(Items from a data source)
▽
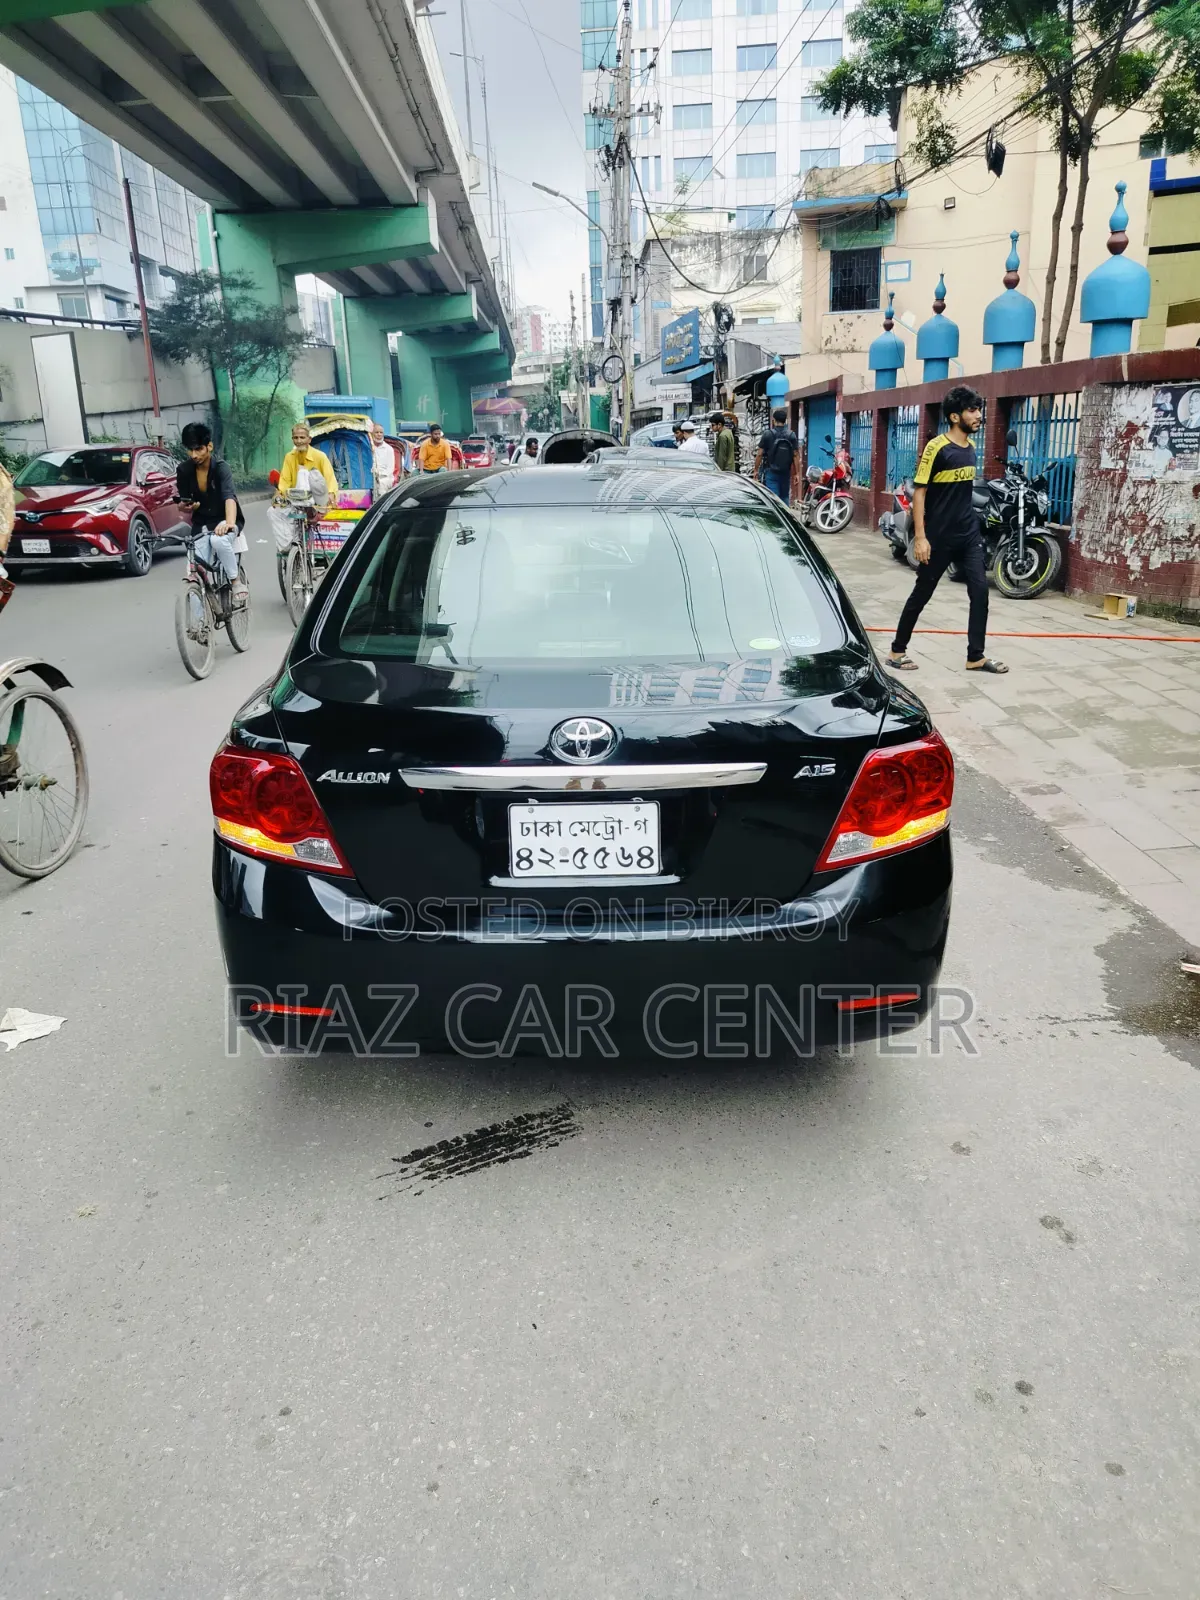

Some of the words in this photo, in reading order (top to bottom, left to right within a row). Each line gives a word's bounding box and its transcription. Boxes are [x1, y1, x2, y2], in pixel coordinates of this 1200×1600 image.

[316, 769, 391, 784] ALLION
[793, 763, 836, 779] A15
[519, 819, 562, 837] ঢাকা
[515, 845, 655, 871] ৪২-৫৫৬৪
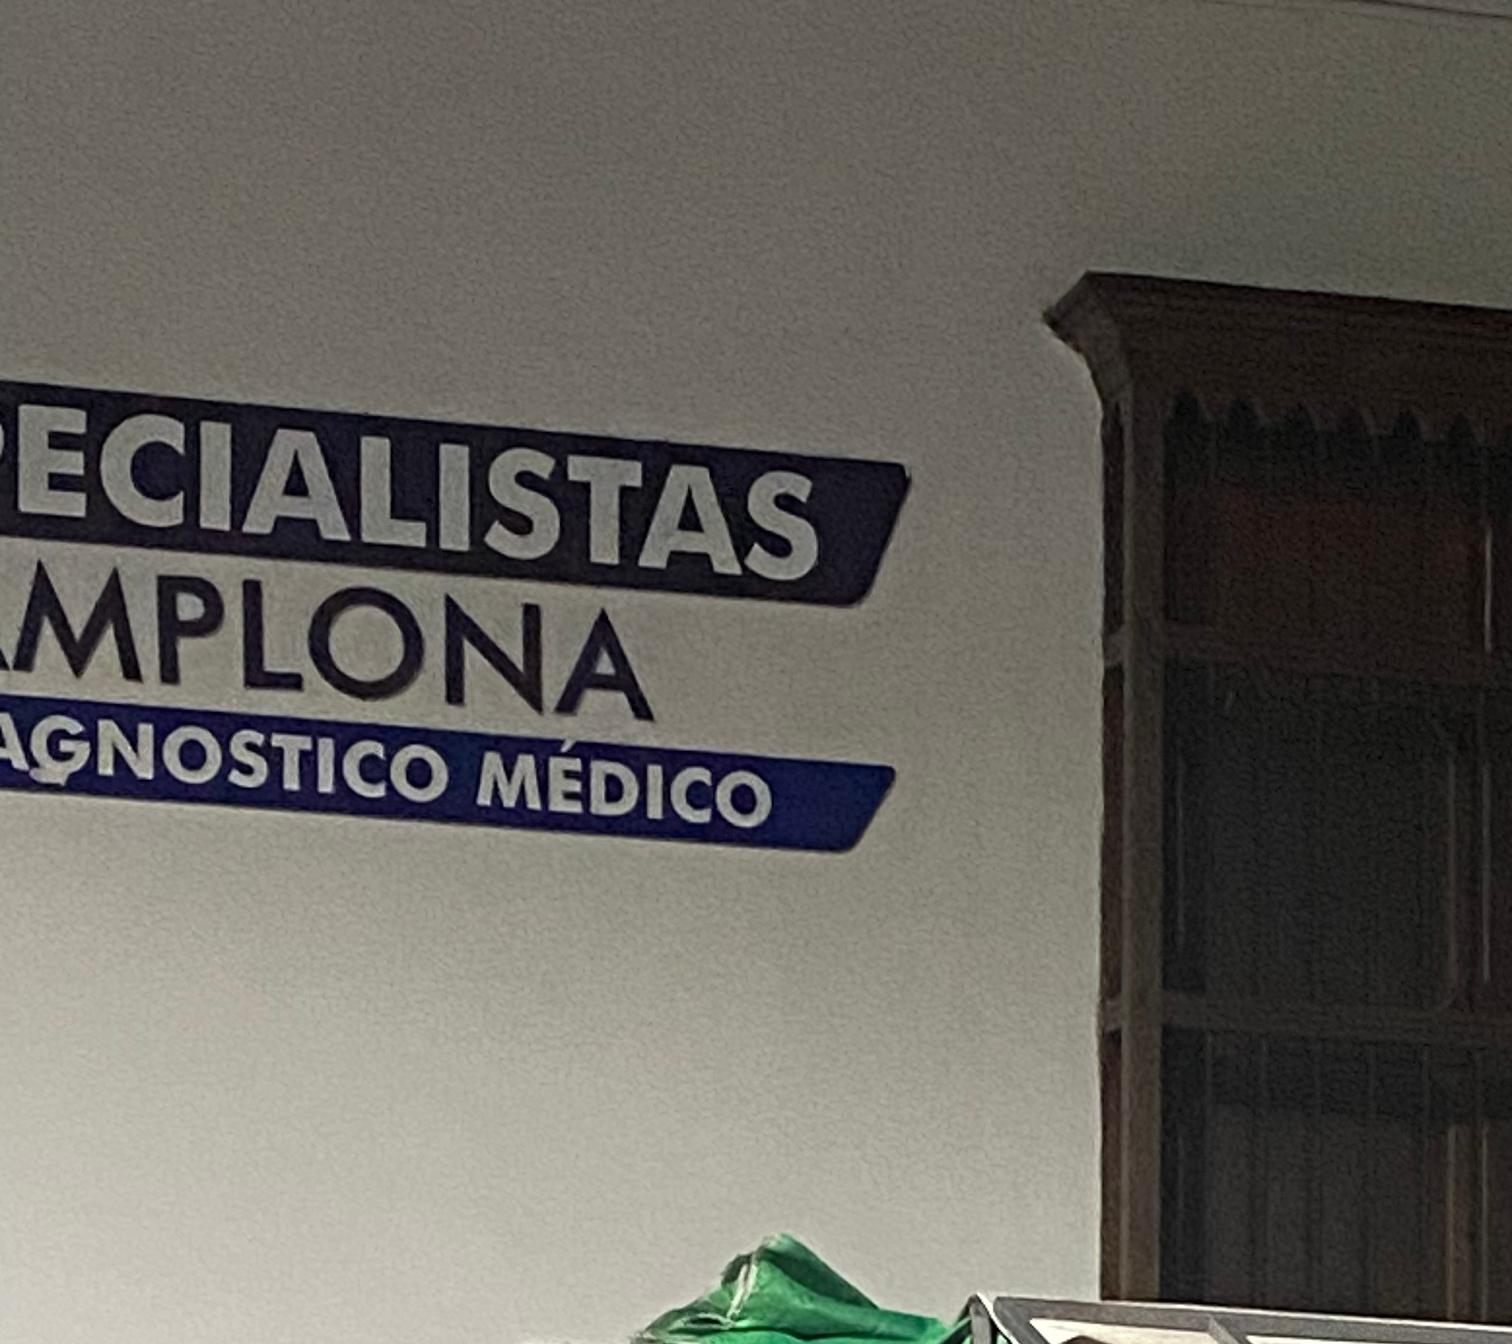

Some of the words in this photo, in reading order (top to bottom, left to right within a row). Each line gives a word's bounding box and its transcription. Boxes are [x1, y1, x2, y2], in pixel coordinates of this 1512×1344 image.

[0, 403, 820, 581] ECIALISTAS
[0, 560, 656, 723] MPLONA
[476, 737, 773, 829] MÉDICO
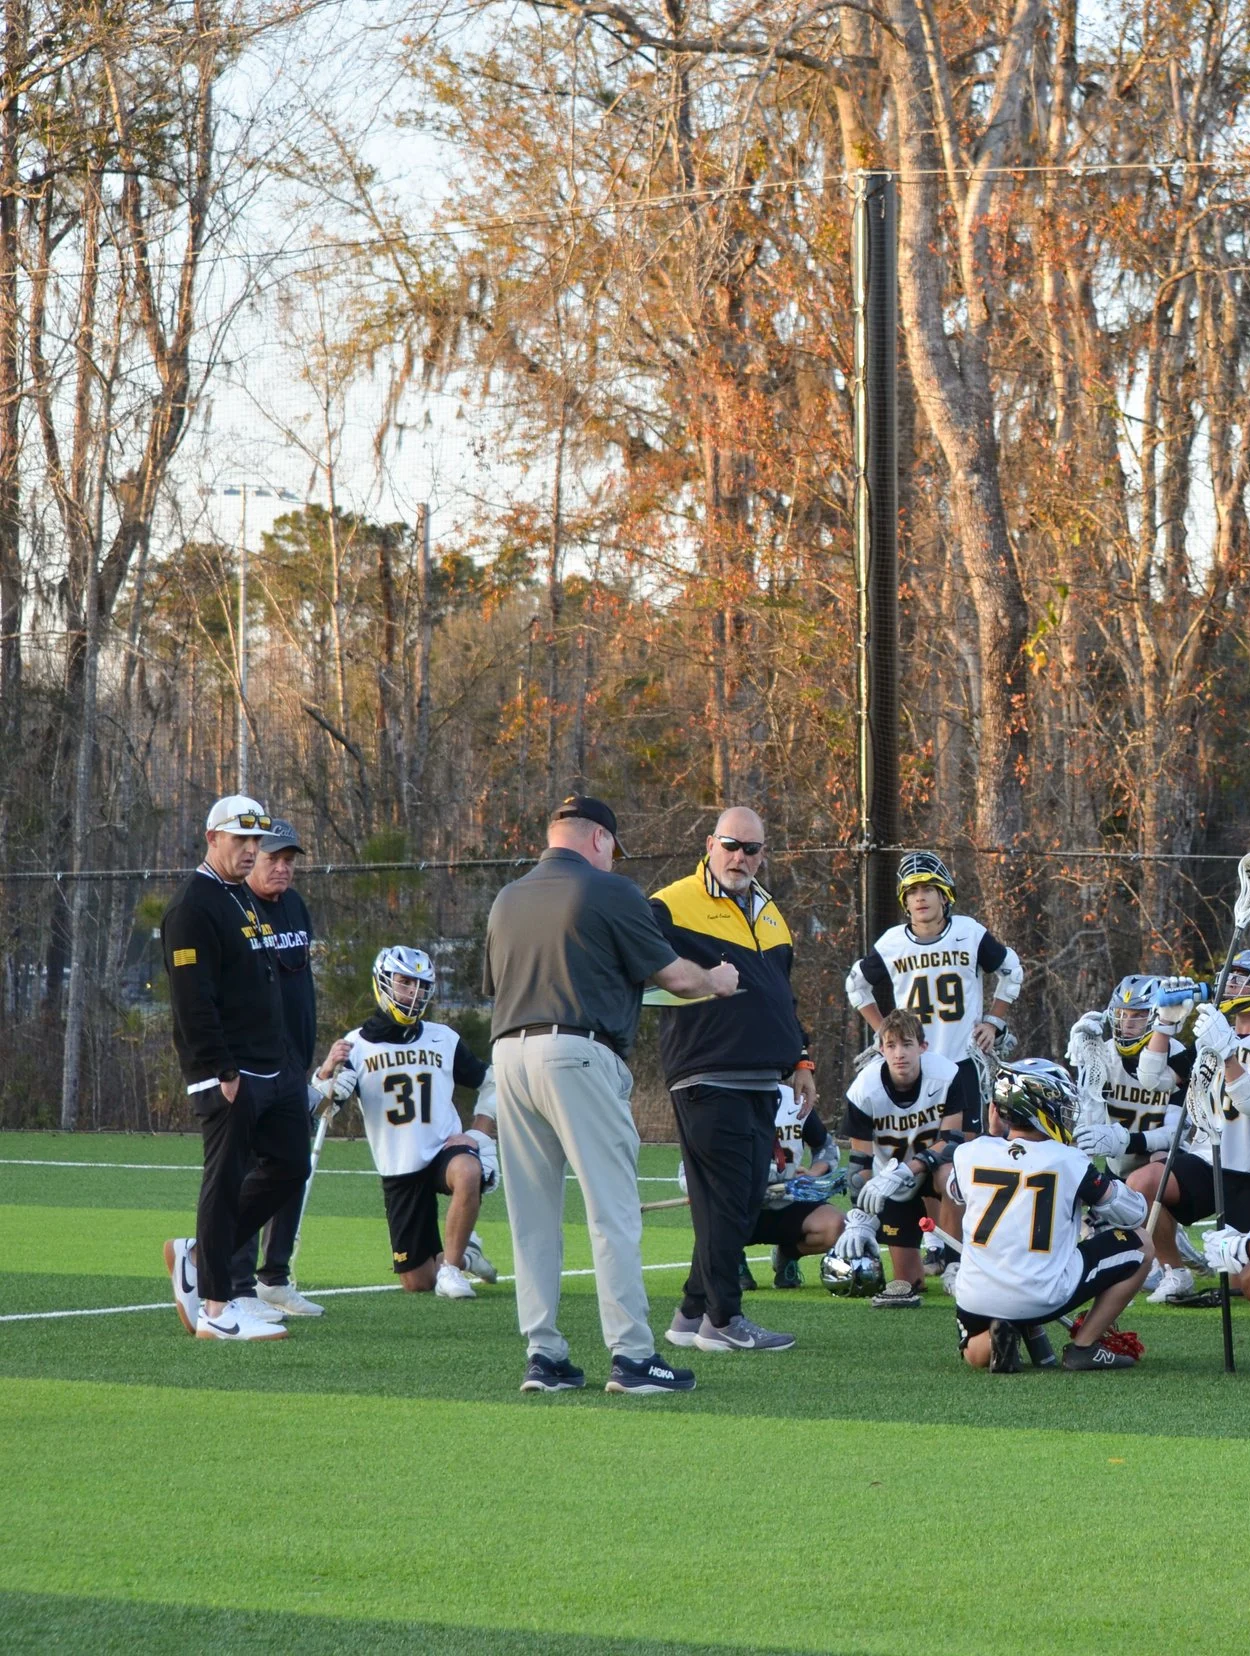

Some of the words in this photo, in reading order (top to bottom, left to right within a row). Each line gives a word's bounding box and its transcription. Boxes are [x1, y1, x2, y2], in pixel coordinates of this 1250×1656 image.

[894, 950, 971, 974] WILDCATS
[907, 972, 966, 1025] 49
[364, 1049, 443, 1073] WILDCATS
[382, 1072, 432, 1126] 31
[872, 1103, 947, 1132] WILDCATS
[971, 1166, 1059, 1254] 71
[648, 1366, 674, 1380] HOKA
△
• _Work instruction_
Copy out every line of the data above, taking care to leave the pictures out.

• _Response to the exercise_
Some of the words in this photo, in reading order (top to bottom, left to right within a row). Each line gives a word's bounding box and its transcription. Boxes are [x1, y1, x2, y2], in pixel coordinates of this 1200×1600 image.

[316, 769, 391, 784] ALLION
[793, 763, 836, 779] A15
[519, 819, 562, 837] ঢাকা
[515, 845, 655, 871] ৪২-৫৫৬৪

Some of the words in this photo, in reading order (top to bottom, left to right within a row). Each line gives a word's bounding box and its transcription. Boxes are [x1, y1, x2, y2], in pixel coordinates of this 1512×1344 image.

[0, 403, 820, 581] ECIALISTAS
[0, 560, 656, 723] MPLONA
[476, 737, 773, 829] MÉDICO

Some of the words in this photo, in reading order (top to bottom, left to right within a row). Each line gives a word's bounding box and its transcription. Boxes are [x1, y1, x2, y2], in pixel coordinates of this 1250×1656 image.

[894, 950, 971, 974] WILDCATS
[907, 972, 966, 1025] 49
[364, 1049, 443, 1073] WILDCATS
[382, 1072, 432, 1126] 31
[872, 1103, 947, 1132] WILDCATS
[971, 1166, 1059, 1254] 71
[648, 1366, 674, 1380] HOKA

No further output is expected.